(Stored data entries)
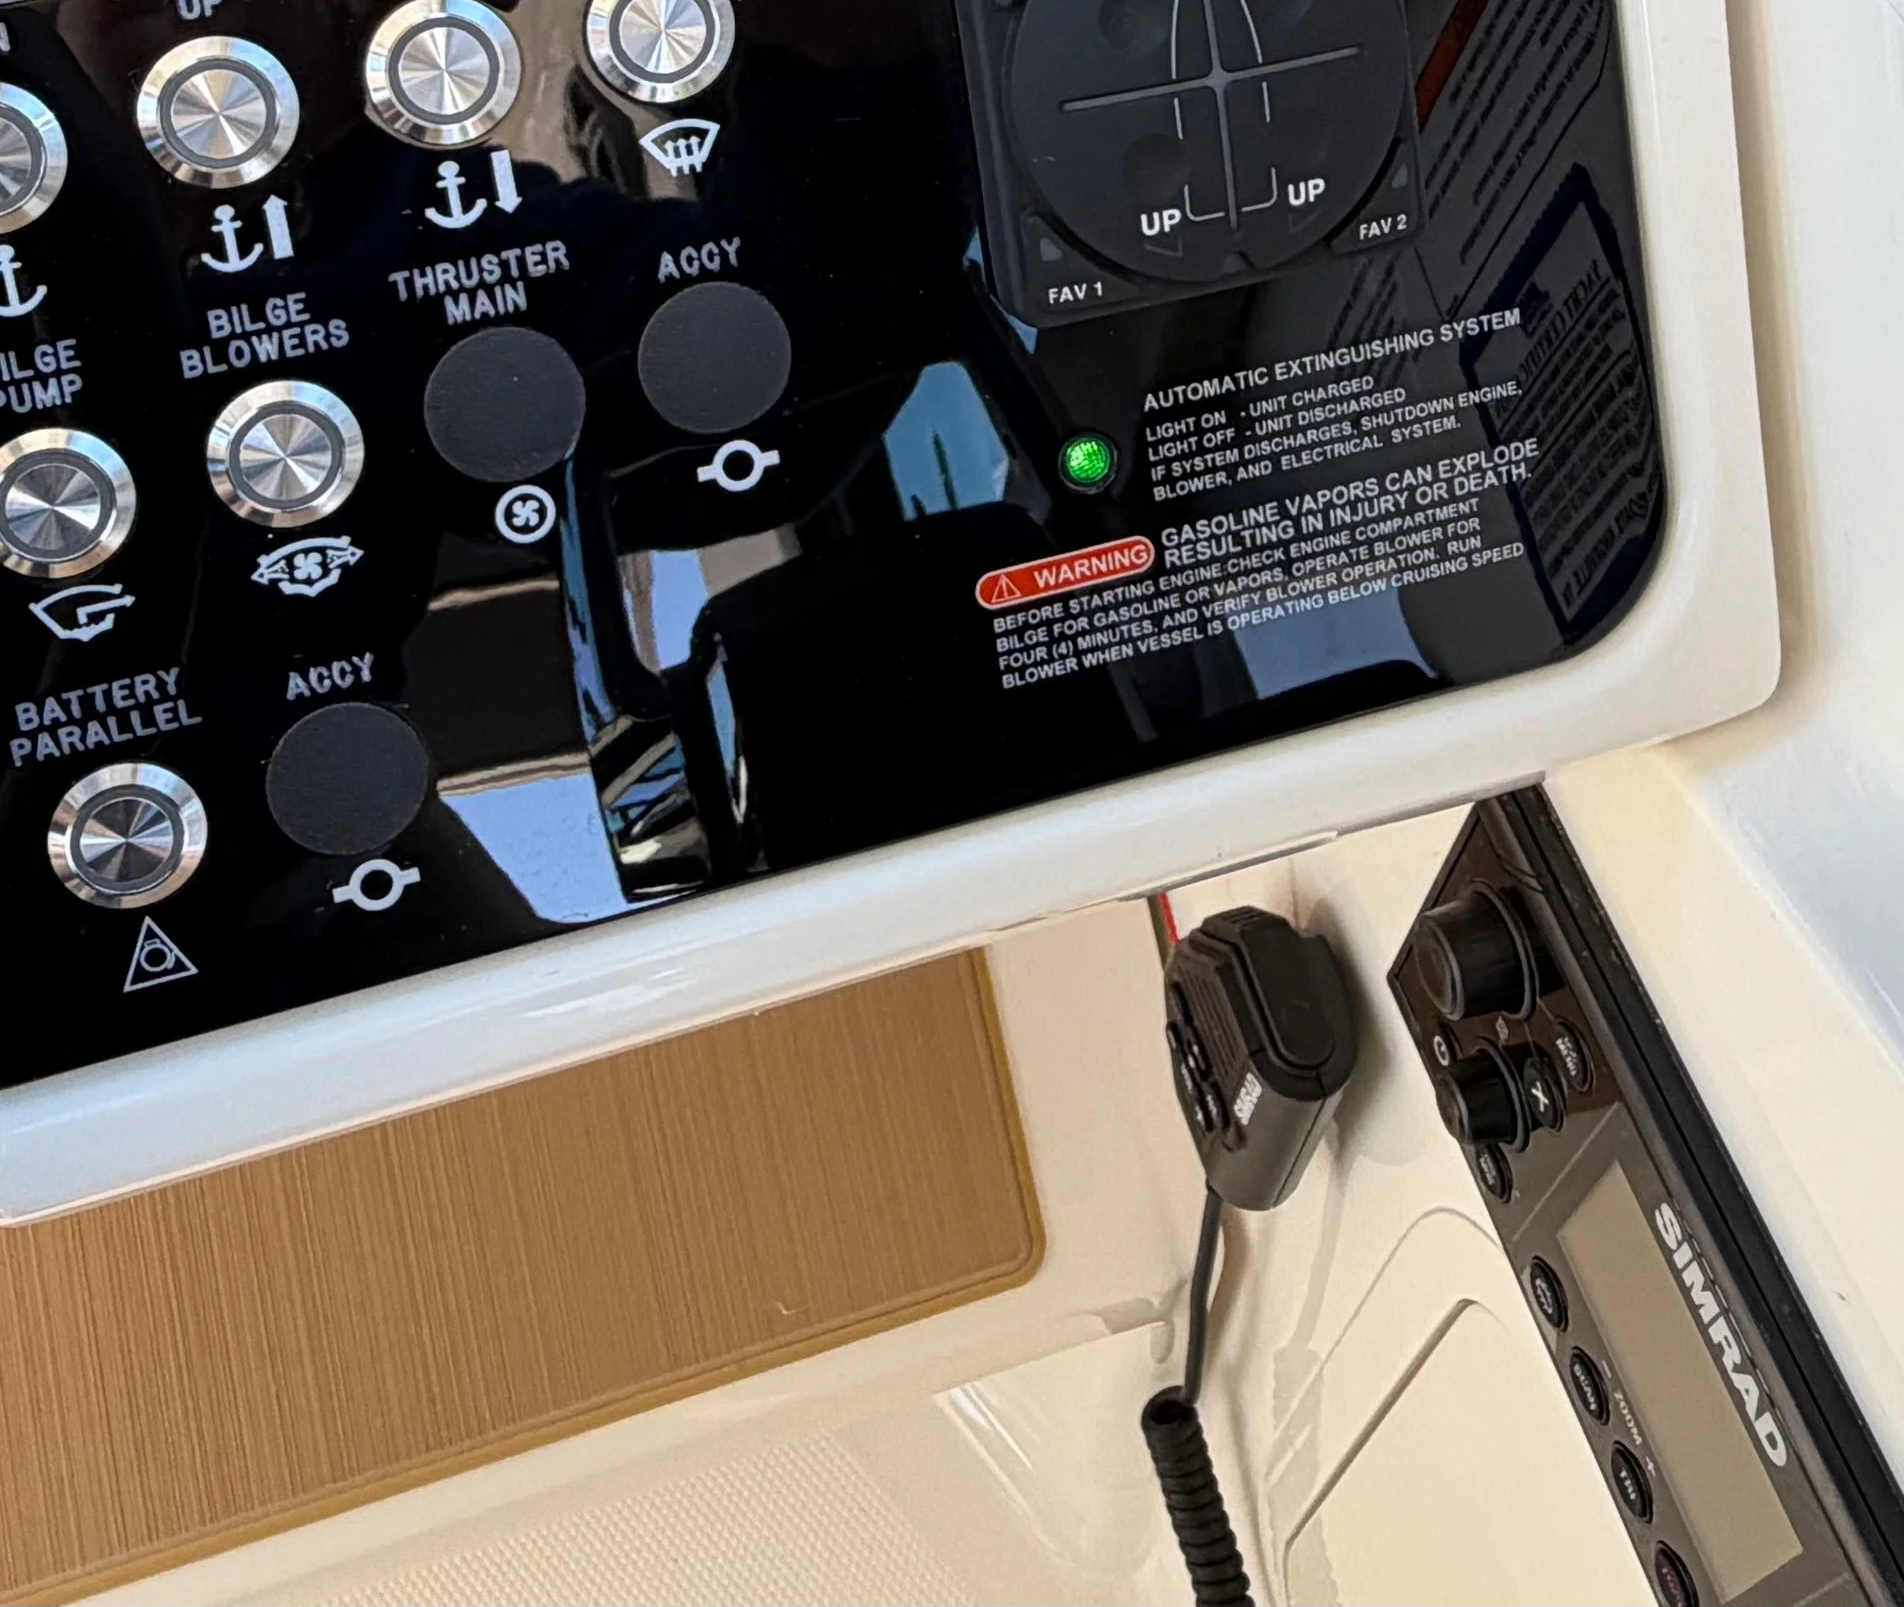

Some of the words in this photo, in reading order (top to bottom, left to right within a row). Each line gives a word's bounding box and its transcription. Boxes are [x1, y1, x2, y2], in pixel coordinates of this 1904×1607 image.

[1140, 207, 1182, 237] UP
[1287, 178, 1326, 207] UP
[1359, 218, 1392, 240] FAV
[1396, 213, 1408, 231] 2
[390, 239, 570, 304] THRUSTER
[444, 282, 529, 326] MAIN
[1048, 284, 1089, 305] FAV
[1093, 281, 1104, 297] 1
[180, 318, 351, 381] BLOWERS
[207, 292, 312, 341] BILGE
[1144, 367, 1269, 412] AUTOMATIC
[1275, 328, 1434, 381] EXTINGUISHING
[1440, 308, 1520, 342] SYSTEM
[1151, 465, 1165, 481] IF
[1172, 448, 1239, 476] SYSTEM
[1244, 422, 1357, 459] DISCHARGES,
[1361, 396, 1454, 430] SHUTDOWN
[1458, 381, 1522, 407] ENGINE,
[1154, 472, 1232, 501] BLOWER,
[1236, 460, 1272, 481] AND
[1281, 434, 1383, 470] ELECTRICAL
[1392, 415, 1461, 443] SYSTEM.
[1161, 501, 1280, 547] GASOLINE
[1285, 478, 1379, 516] VAPORS
[1385, 464, 1432, 491] CAN
[1438, 437, 1539, 479] EXPLODE
[1164, 520, 1295, 569] RESULTING
[1301, 513, 1323, 534] IN
[1329, 490, 1409, 527] INJURY
[1415, 482, 1449, 505] OR
[1454, 462, 1532, 496] DEATH.
[996, 626, 1049, 652] BILGE
[1053, 618, 1090, 638] FOR
[1093, 593, 1181, 627] GASOLINE
[1185, 587, 1210, 604] OR
[1213, 568, 1288, 596] VAPORS,
[1291, 545, 1369, 577] OPERATE
[1374, 527, 1444, 556] BLOWER
[1447, 518, 1481, 537] FOR
[1034, 544, 1149, 589] WARNING
[15, 666, 184, 733] BATTERY
[10, 699, 203, 768] PARALLEL
[1655, 1203, 1789, 1467] SIMRAD

Exercise instructions>
Wherever the string "BILGE" appears in the entries above, list that line.

Solved exercise>
[207, 292, 312, 341] BILGE
[996, 626, 1049, 652] BILGE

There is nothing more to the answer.